Qui est George Soros, et pourquoi est-il devenu la bête noire de l’extrême droit et des complotistes ?

Politiquement, Soros est très clair : il soutient la cause démocrate. Généreux donateur, il a financé à hauteur de plusieurs millions de dollars les campagnes de John Kerry (opposé à George W. Bush en 2004) et Hillary Clinton (contre Donald Trump en 2016), et soutient également financièrement une cinquantaine d’organisations liées à la Women’s March.
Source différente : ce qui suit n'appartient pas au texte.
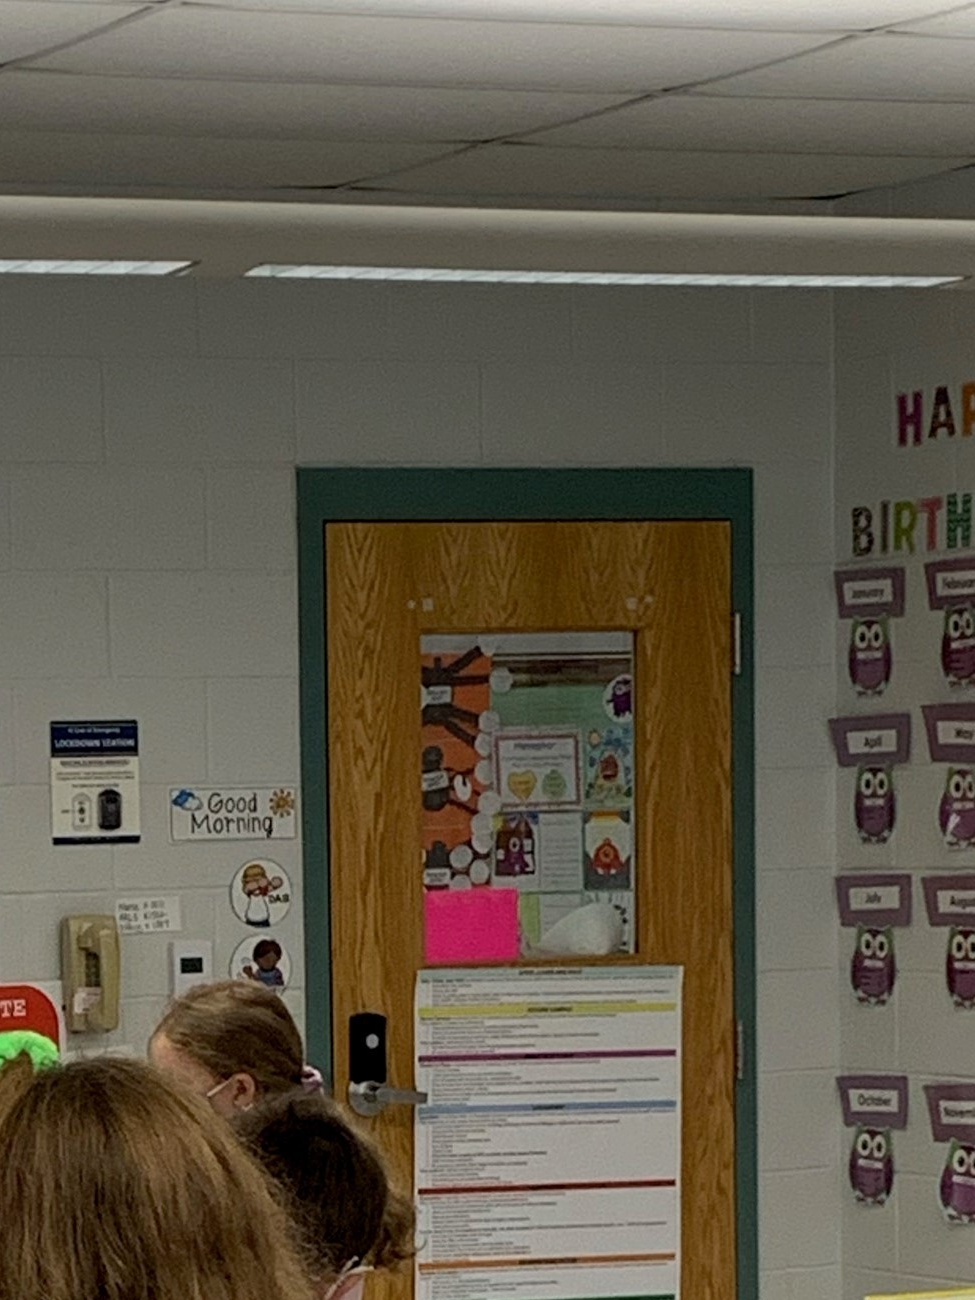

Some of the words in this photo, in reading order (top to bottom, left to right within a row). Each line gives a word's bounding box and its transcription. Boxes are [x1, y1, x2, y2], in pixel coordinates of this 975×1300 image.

[852, 493, 973, 557] BIRTH
[864, 736, 882, 749] April
[207, 792, 258, 814] Good
[190, 813, 274, 838] Morning
[857, 1093, 892, 1107] October
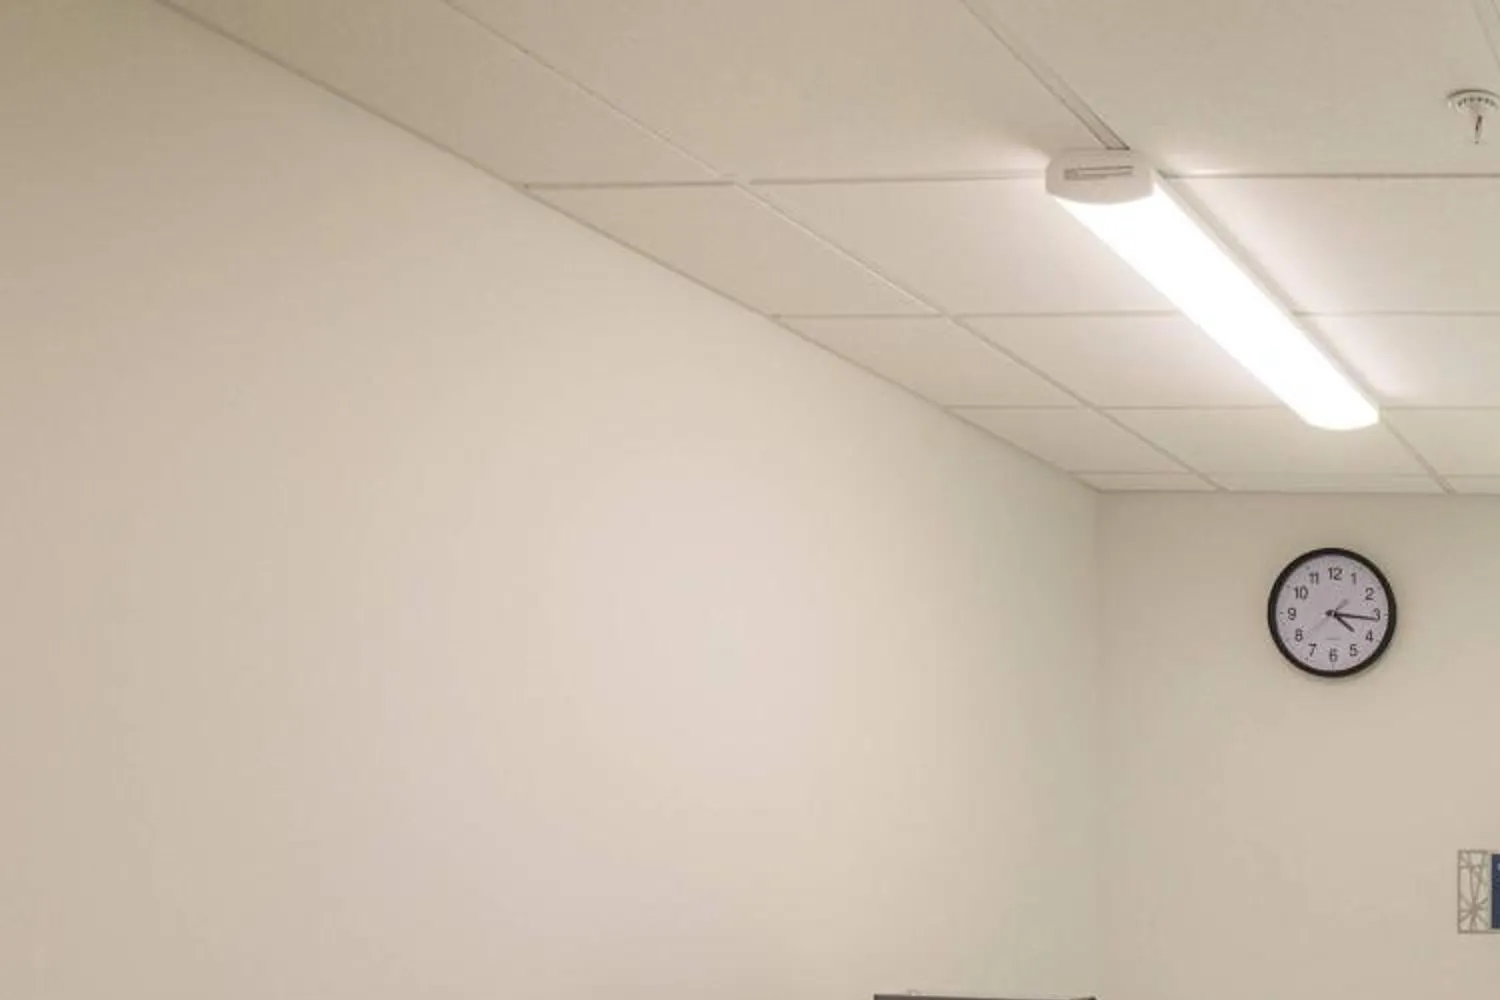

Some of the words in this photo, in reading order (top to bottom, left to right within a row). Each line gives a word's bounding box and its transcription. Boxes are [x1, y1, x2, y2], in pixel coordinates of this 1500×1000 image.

Pour les mouvements de droite et d’extrême droite américains, il est l’homme à abattre, le « croque-mitaine » haï des conservateurs, « le maître des marionnettes » qui manipule les politiques à travers le monde.
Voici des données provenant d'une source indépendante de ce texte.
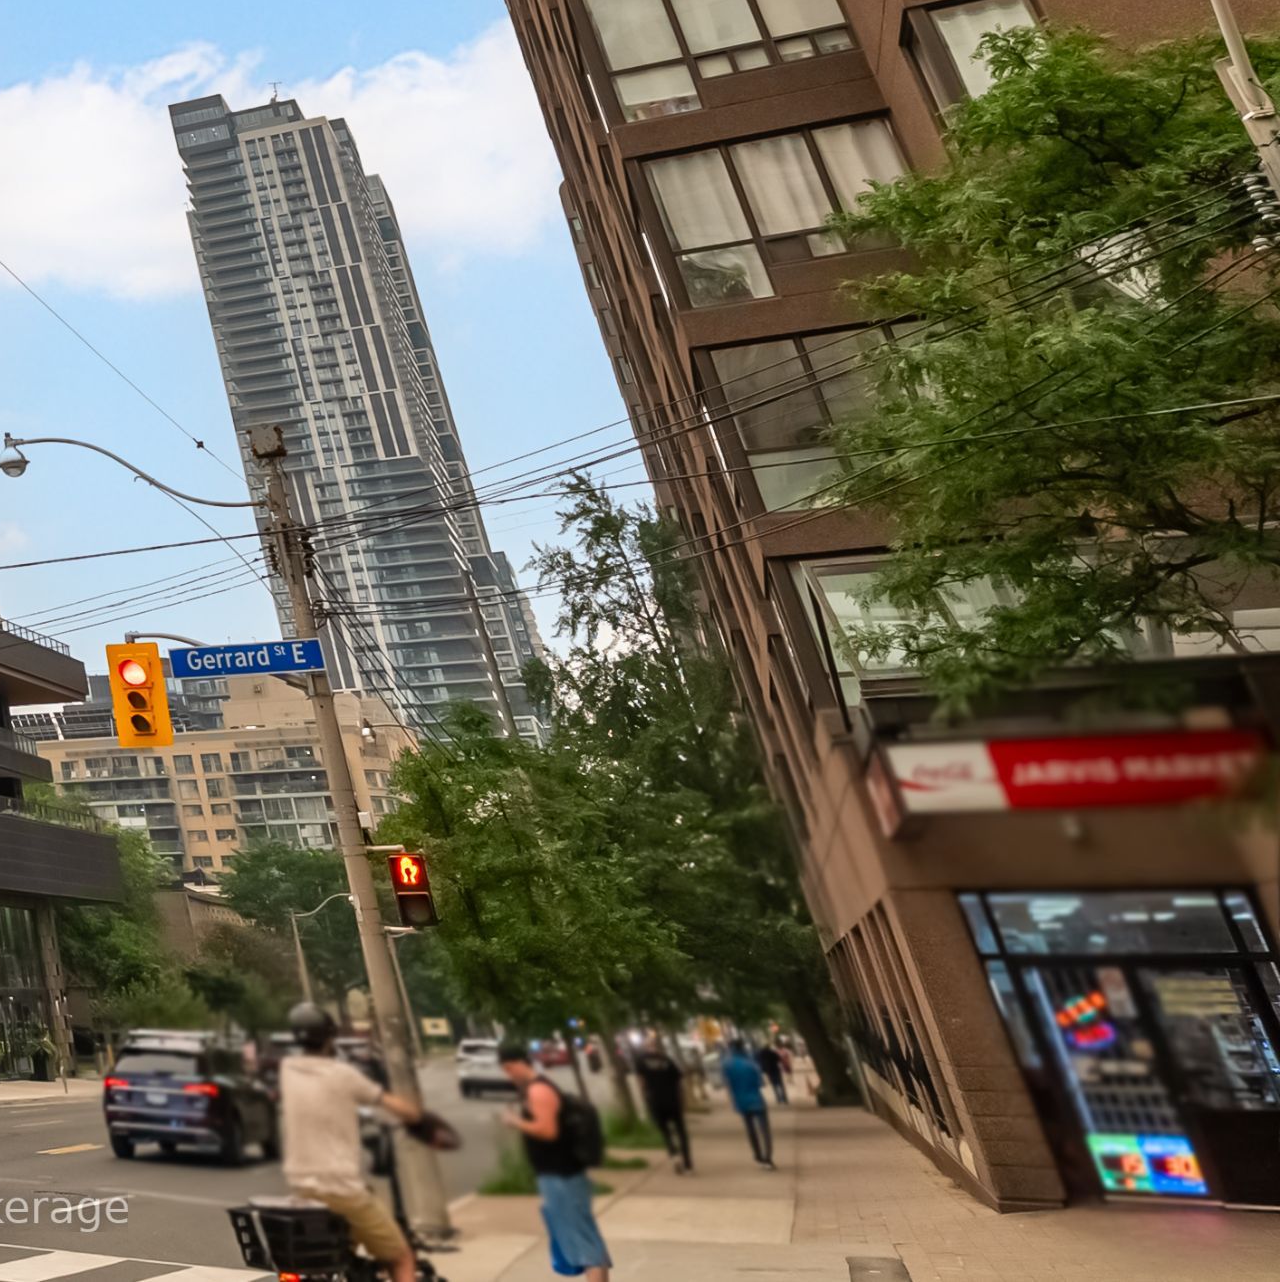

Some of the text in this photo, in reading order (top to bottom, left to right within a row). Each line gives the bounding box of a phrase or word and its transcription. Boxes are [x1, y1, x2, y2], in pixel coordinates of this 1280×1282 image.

[187, 643, 306, 670] Gerrard St E
Car ce mouvement « anti-Soros » est international. En mai, l’Open Society Foundations a annoncé cesser ses activités en Hongrie, où elle était présente depuis 1984, citant un « environnement politique et légal de plus en plus répressif ». Un pays avec lequel le philanthrope entretient depuis des années une relation compliquée, tout comme avec le reste de l’Europe de l’Est. Le Premier ministre hongrois Viktor Orbán considère Soros comme un « ennemi public [...] ayant détruit la vie de millions d’Européens », alors même que le milliardaire a investi plus de 400 millions de dollars dans son pays natal.

Ange ou démon ?

Depuis les années 90, George Soros est aussi la bête noire des complotistes, qui l’accusent de tous les maux : il aurait orchestré les violences de Charlottesville, planifié l’arrivée massive de migrants à la frontière sud des États-Unis et serait même derrière la propagation du virus Ebola. Plus effrayant encore, on accuse le milliardaire d’avoir été un SS nazi, alors que Soros est d’origine juive. Une théorie du complot relayée par l’actrice américaine Roseanne Barr… et par Donald Trump Jr., qui avait retweeté cette dernière.
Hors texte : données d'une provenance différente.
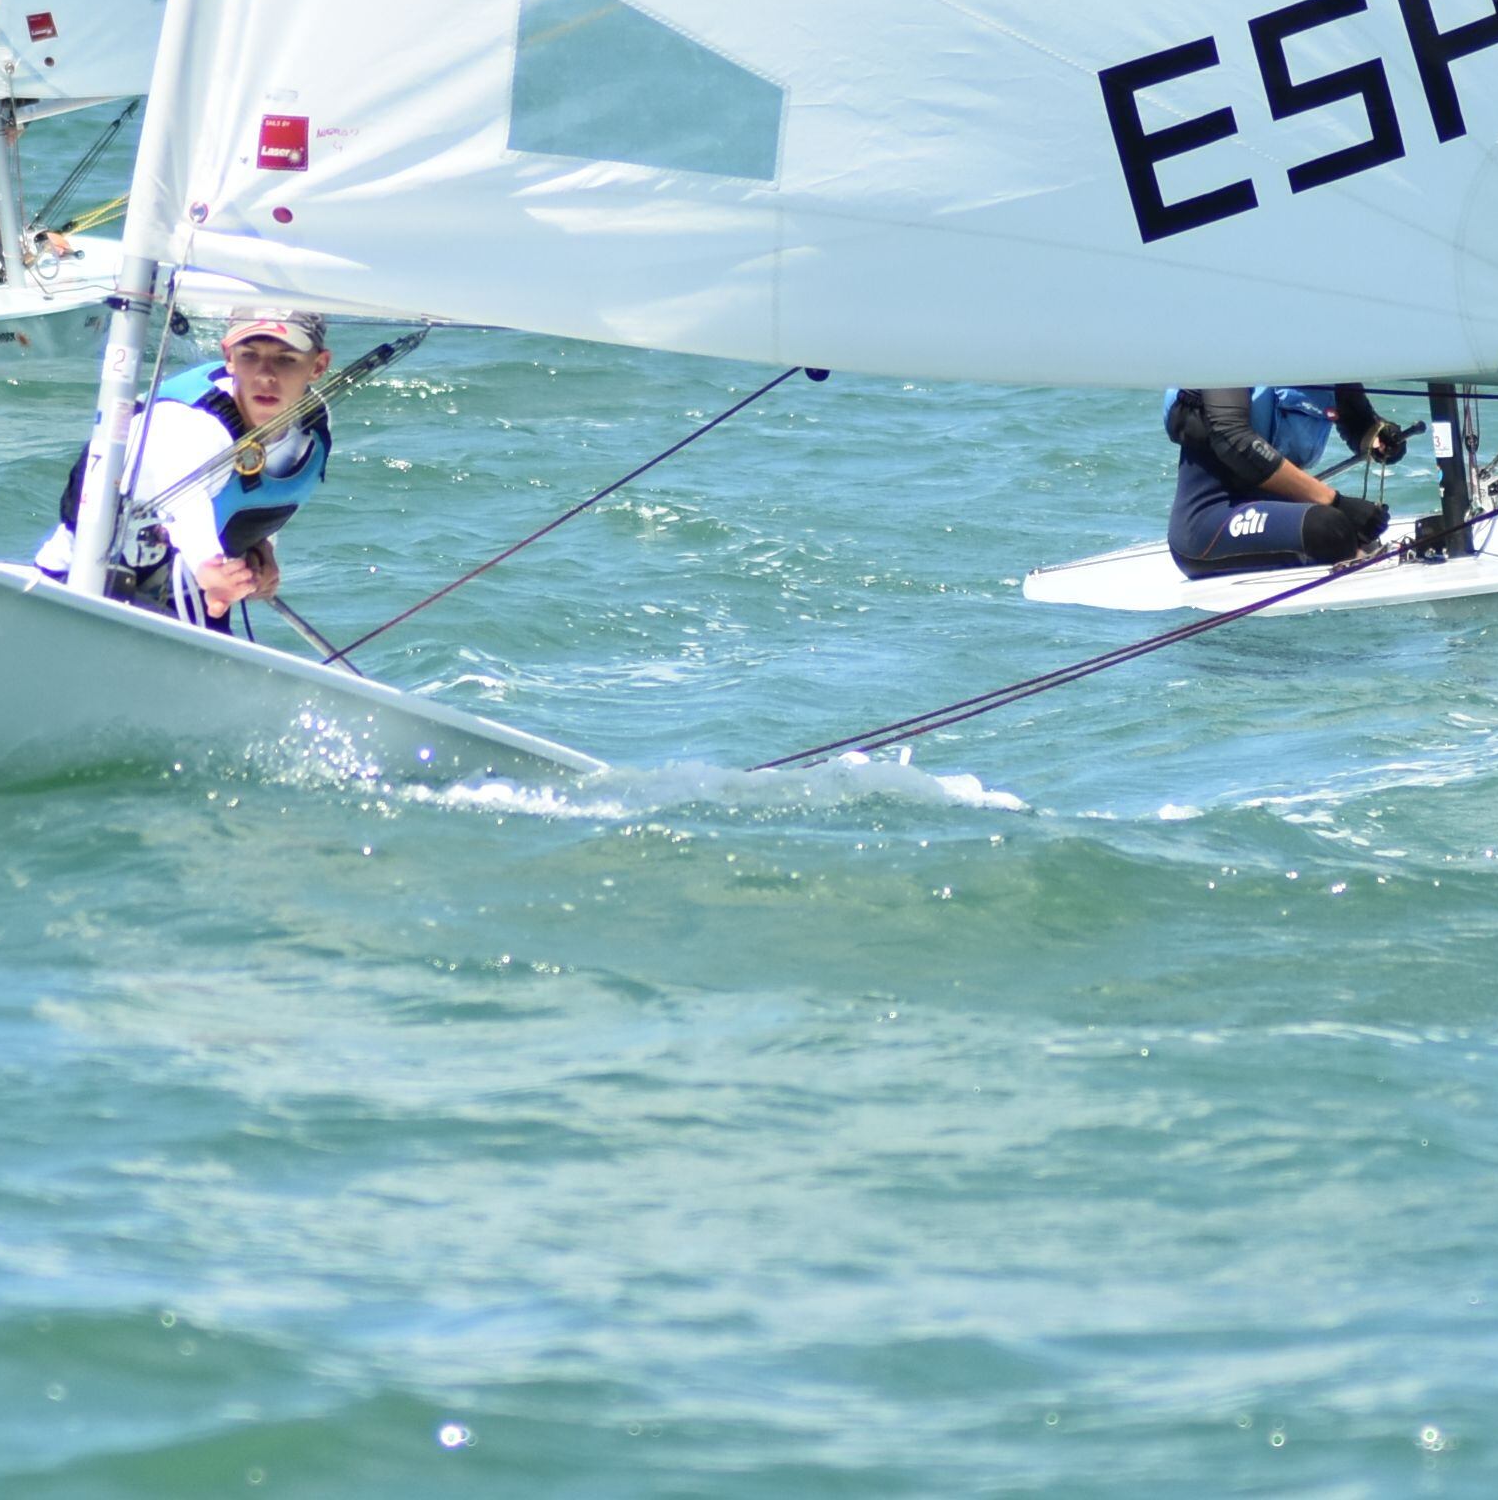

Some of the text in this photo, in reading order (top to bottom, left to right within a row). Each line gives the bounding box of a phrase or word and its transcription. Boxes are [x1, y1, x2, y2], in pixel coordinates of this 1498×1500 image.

[261, 145, 291, 157] Laser
[112, 348, 127, 374] 2
[89, 455, 103, 473] 7
[1229, 508, 1269, 537] Gill
Celui qui aime à se décrire comme un « homme d’État sans État » est ainsi devenu le bouc émissaire d’une frange toujours plus extrême de la population, qui compte aussi bien des politiques, des polémistes, que de simples amateurs de théories du complot et autres nationalistes bas du front. Toujours plus bruyants, de plus en plus menaçants, les opposants de George Soros semblent ainsi vouloir faire taire à tout prix celui dont la fortune et les convictions politiques dérangent. À 88 ans, ce dernier ne semble pour autant pas prêt à prendre sa retraite, colis piégé ou pas.